XSLT 2.0 and XPath 2.0 Programmer's Reference, 4th Edition

by Michael Kay
May 2008
Intermediate to advanced
1366 pages
40h 56m
English
Wrox
Content preview from XSLT 2.0 and XPath 2.0 Programmer's Reference, 4th Edition

Appendix A. XPath 2.0 Syntax Summary

This appendix summarizes the entire XPath 2.0 grammar. The tables in this appendix also act as an index: they identify the page where each construct is defined.

The way that the XPath grammar is presented in the W3C specification is influenced by the need to support the much richer grammar of XQuery. In this book, I have tried to avoid these complications.

The grammar is presented here for the benefit of users, not for implementors writing a parser (the W3C spec adopted the same approach in its final drafts). So there is no attempt to write the syntax rules in such a way that expressions can be parsed without lookahead or backtracking.

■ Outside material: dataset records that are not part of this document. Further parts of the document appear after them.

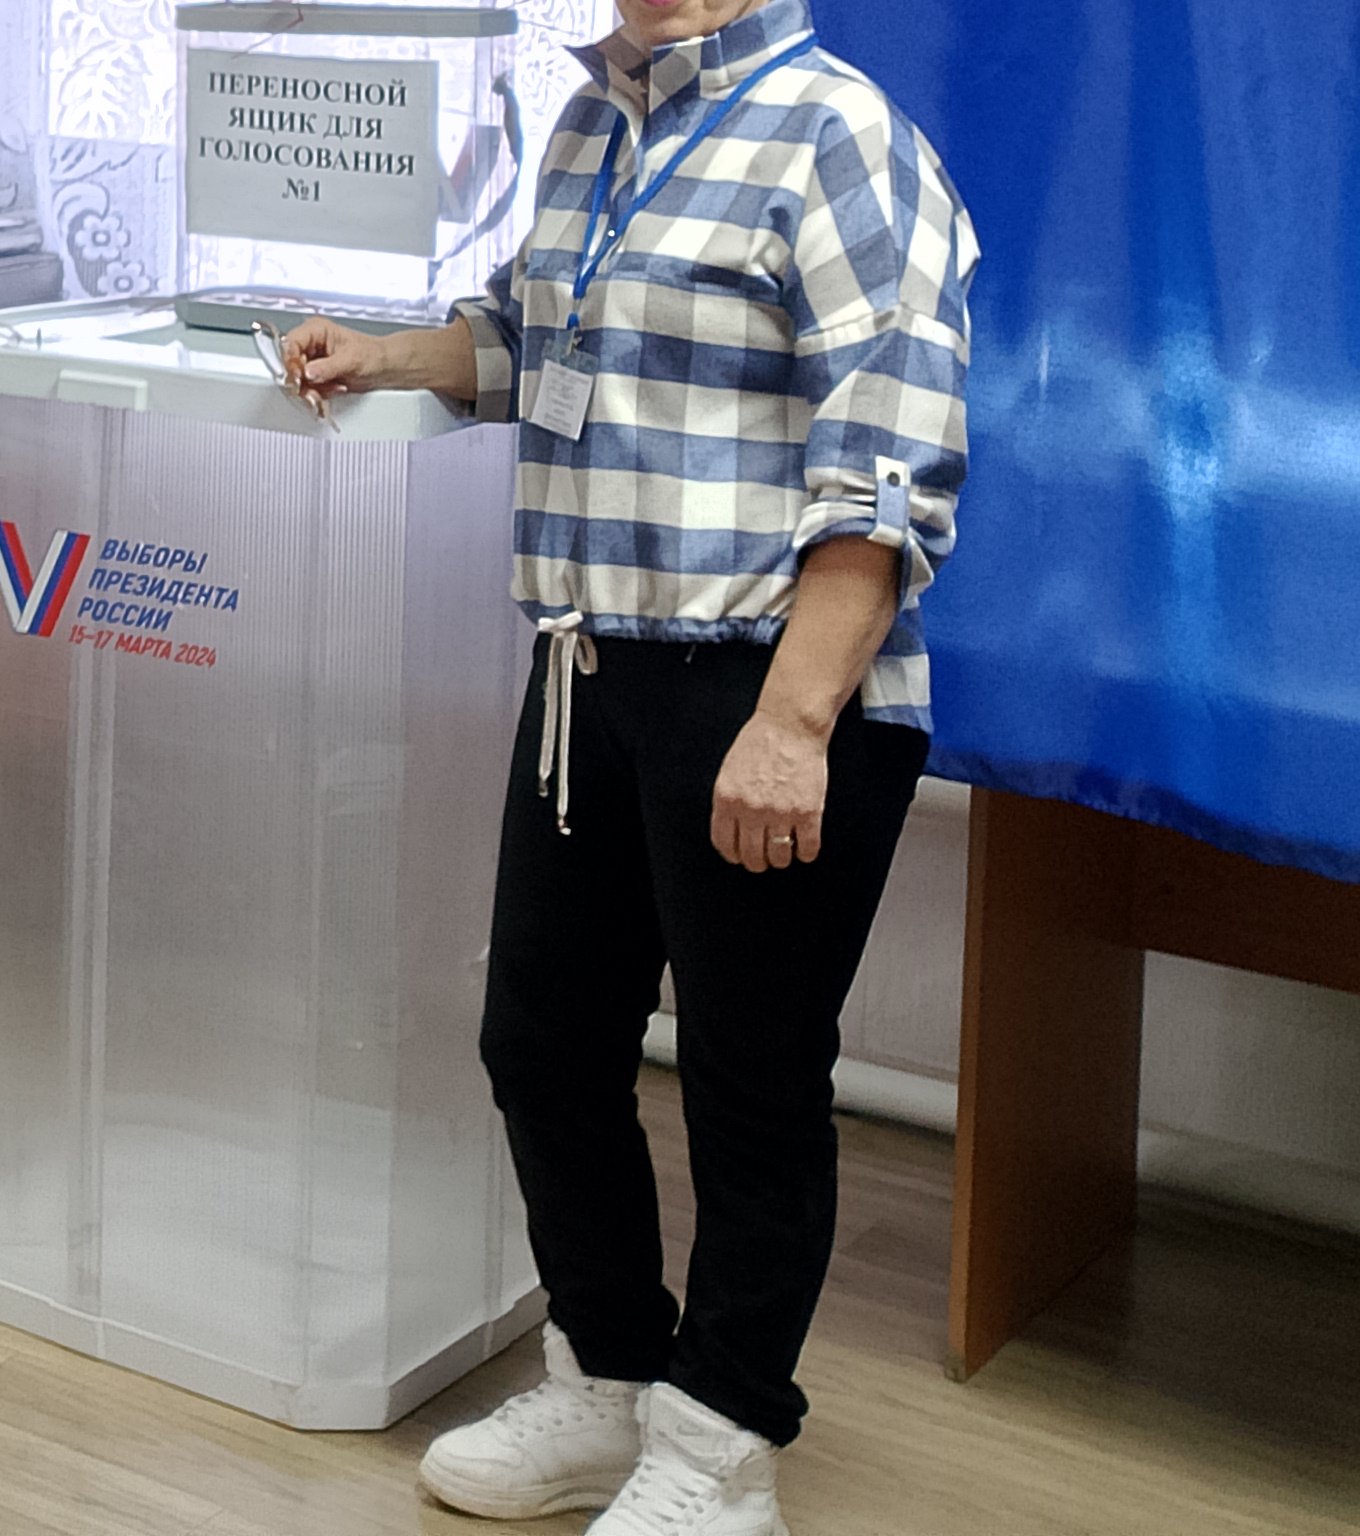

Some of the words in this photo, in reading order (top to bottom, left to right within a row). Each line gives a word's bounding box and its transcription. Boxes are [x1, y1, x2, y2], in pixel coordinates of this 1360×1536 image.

[207, 70, 408, 107] ПЕРЕНОСНОЙ
[228, 106, 317, 135] ЯЩИК
[322, 113, 383, 140] ДЛЯ
[198, 136, 415, 177] ГОЛОСОВАНИЯ
[281, 177, 322, 202] №1
[99, 538, 208, 574] ВЫБОРЫ
[88, 567, 240, 612] ПРЕЗИДЕНТА
[77, 596, 173, 633] РОССИИ
[114, 634, 173, 660] МАРТА
[174, 643, 218, 669] 2024
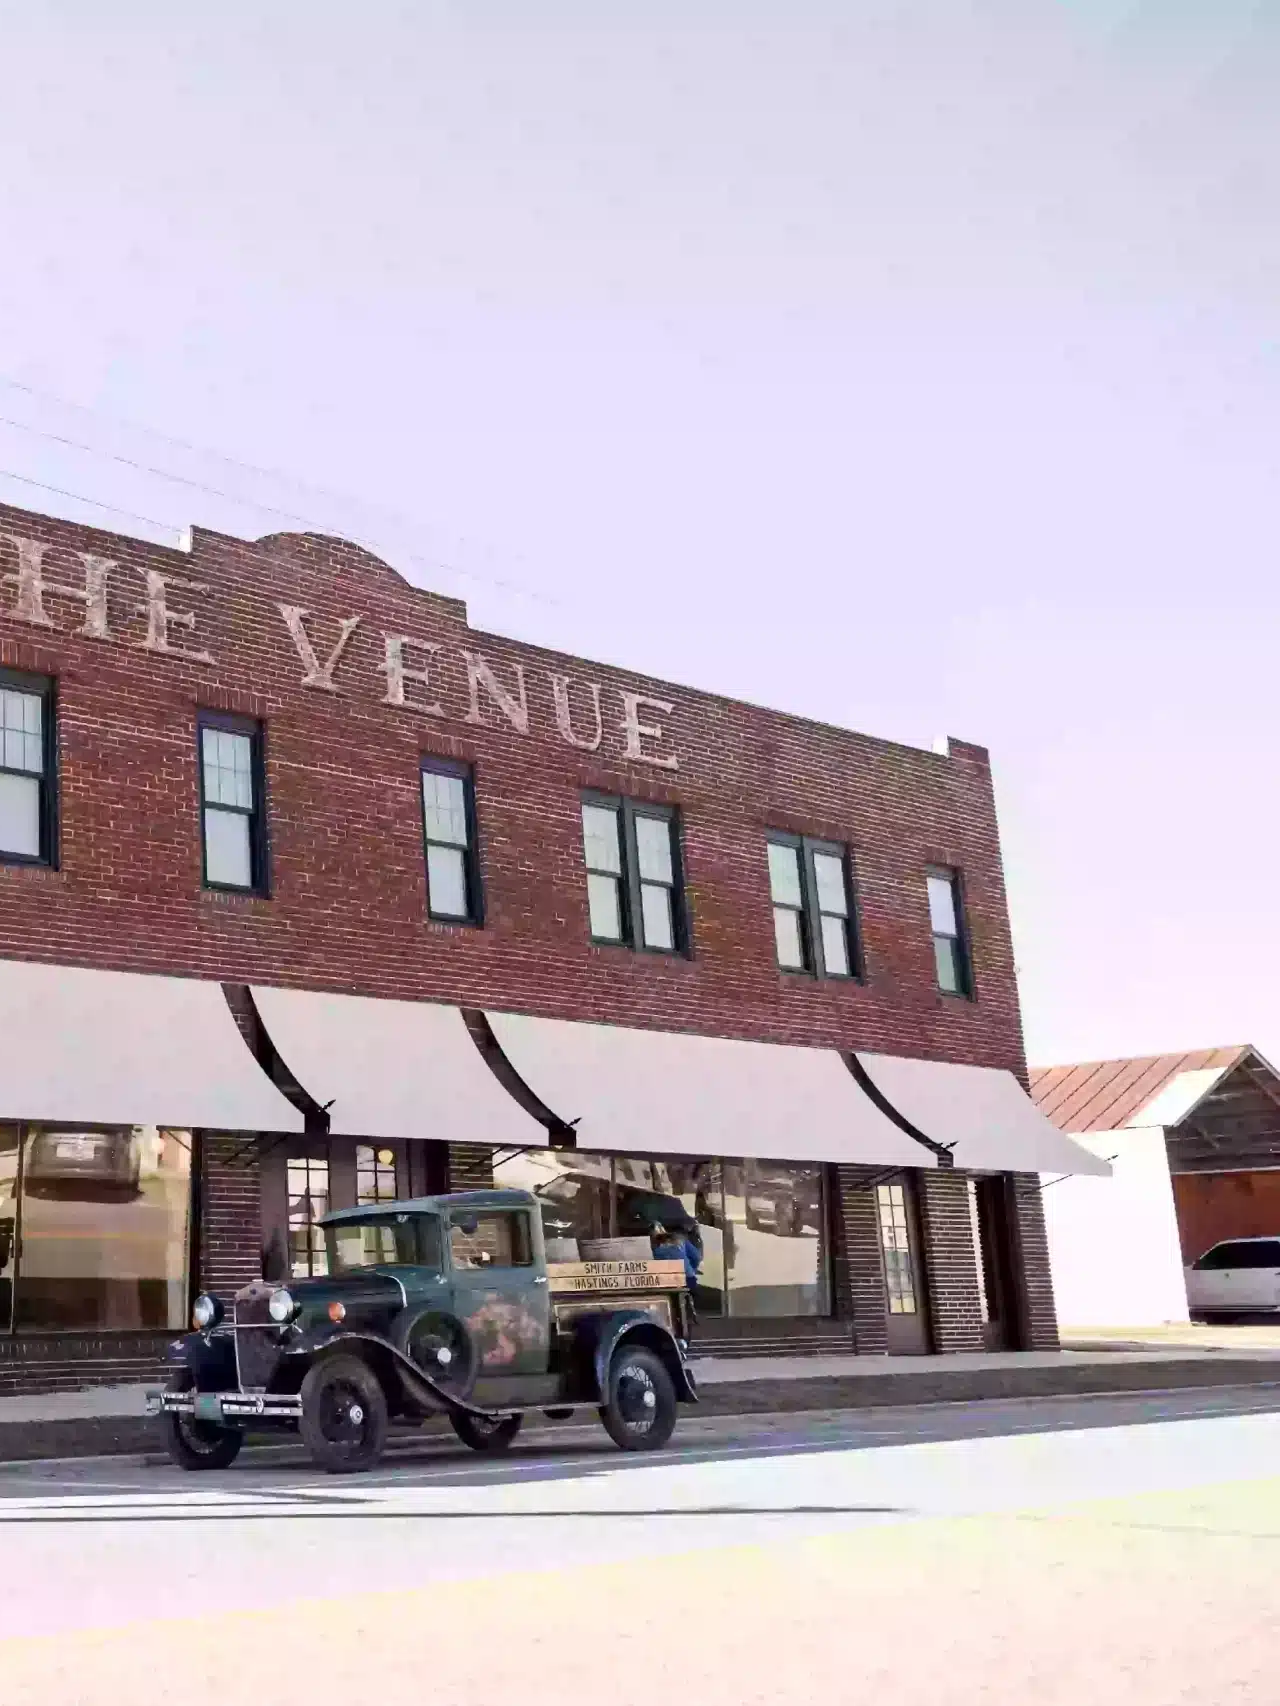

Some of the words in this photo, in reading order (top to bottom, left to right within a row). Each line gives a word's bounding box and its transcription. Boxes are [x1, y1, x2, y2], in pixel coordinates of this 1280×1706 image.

An interesting feature of the XPath grammar is that there are no reserved words. Words that have a special meaning in the language, because they are used as keywords («if», «for»), as operators («and», «except»), or as function names («not», «count») can also be used as the name of an element in a path expression. This means that the interpretation of a name depends on its context. The language uses several techniques to distinguish different roles for the same name:

  • Operators such as «and» are distinguished from names used as element names or function names in a path expression by virtue of the token that precedes the name. In essence, if a word follows a token that marks the end of an expression, then the word must be an operator; otherwise, it must be some other kind of name.

  • As an exception to the first rule, if ...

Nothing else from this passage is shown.